Source: Gresham and Wiley, 1889: Biographical & Portrait Cyclopedia, Fayette Co, PA, pg 152
Author: John H. Gresham & Samuel T. Wiley

    Mark Mordecai Cochran.  Among those who have cast their 
fortunes with their native county, and who might worthily be 
placed in the van of young professional men of the county is 
Mark M Cochran, a rising young lawyer of the Fayette county 
bar.  He is a son of Mordecai Cochran and Susanna Welsh 
Cochran, and was born at the old Cochran homestead, Tyrone 
township, Fayette county, Penna, July 13, 1854; and is the 
youngest of a family of thirteen children, of whom three 
died in infancy, three after middle age, and seven who are 
now living.
    His father, Mordecai Cochran, was born on the old 
Cochran homestead in Tyrone township, October 8, 1797, where 
he lived until his death December 29, 1880.  He was among 
the first to engage in the manufacture of Connellsville 
coke, and the first to introduce it in the Cincinnati 
market.  
    In 1843 he with two nephews, Sample Cochran and James 
Cochran, floated two boats loaded with coke to Cincinnati, 
and after a favorable test sold the same to Miles Greenwood, 
a prominent foundryman of that city.  It was the first 
Connellsville coke ever sold for money, and thus being 
enthusiastically reassured of the value of this product, he 
and his nephews returned home, determined to push forward 
the industry, which they afterward did most successfully.  

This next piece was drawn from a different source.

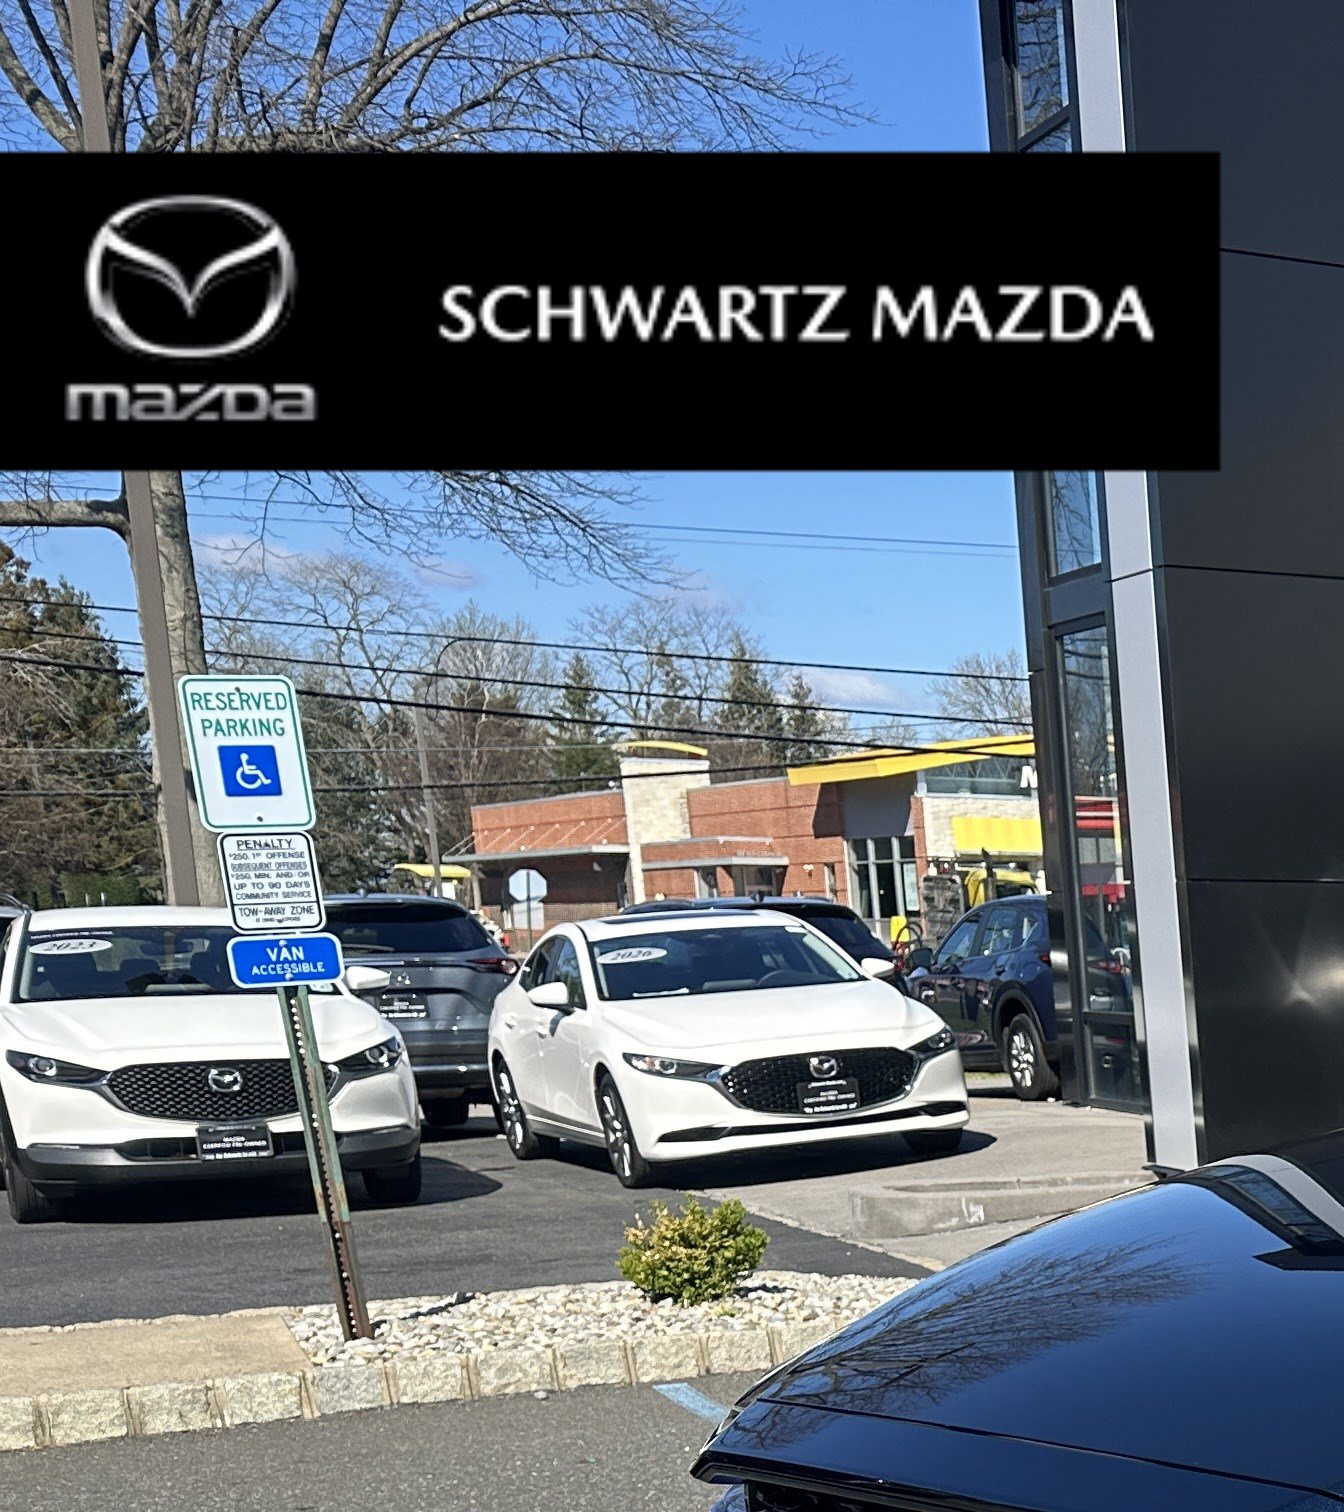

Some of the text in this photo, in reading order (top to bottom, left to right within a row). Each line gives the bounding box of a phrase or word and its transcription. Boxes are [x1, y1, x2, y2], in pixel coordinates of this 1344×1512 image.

They and their sons became prominent in the business, and so 
remain up to the present time.  
    Samuel Cochran, the paternal grandfather of M M Cochran, 
was born in Chester county, Pennsylvania, August 24, 1750, 
and was a son of John Cochran, a Scotch Irish Presbyterian, 
who had emigrated from the north of Ireland, and settled in 
Chester county about 1745.
    February 12, 1776, Samuel Cochran, as a private soldier, 
enlisted in the War of the Revolution in a company commanded 
by Captain Samuel Hay; his company belonged to the Sixth 
Pennsylvania Battalion.  He re-enlisted the following year 
with Captain Hay, this time with the Seventh Pennsylvania 
Regiment.  He did hard service at Paoli, Brandywine, 
Germantown and Valley Forge.  At the close of the war he 
went to Chambersburg, Pennsylvania, and there married Esther 
John, daughter of Daniel John, the latter a prominent Quaker 
and the grandfather of Gideon John, the last named elected 
sheriff of Fayette county in 1832.  
    Samuel Cochran came "West" and located in Fayette county 
in 1789, for a while in the "Washington Bottoms" near the 
present day site of Perryopolis, remaining there until the 
spring of 1792 when he removed to Tyrone township and 
purchased a farm of Captain Joseph Huston of 300 acres.  On 
this tract of land he built a primitive log cabin, but he 
soon replaced it by a more commodious structure, and in 1811 
he erected the large barn recently rebuilt by his grandson, 
Lutellas Cochran.  
    Besides being a splendid farmer, Samuel Cochran was a 
practical surveyor and a consistent member of the Tyrone 
Presbyterian church up until his death, July 2, 1837.  His 
children were: Samuel Cochran Jr, James Cochran, John 
Cochran, Thomas Cochran, Isaac Cochran, Mordecai Cochran, 
and Esther Cochran, wife of John Strickler, the latter an 
only child by a second marriage.  He devised his farm to his 
two sons, Mordecai and James.  
    The other sons of Mordecai Cochran were: James W 
Cochran, known as "Big Jim," Alexander C Cochran, and 
Lutellas Cochran.  They all engaged early in making coke 
with their father and boated it down the river.  In 1867 
they purchased their father's plant on the Youghiogheny 
river and afterwards entered into partnership with W H Brown 
of Pittsburgh, enlarging their original plant "Sterling" and 
in 1871 built a large coke plant on Hickman Run, called 
Jimtown, in honor of the managing partner, James W Cochran.  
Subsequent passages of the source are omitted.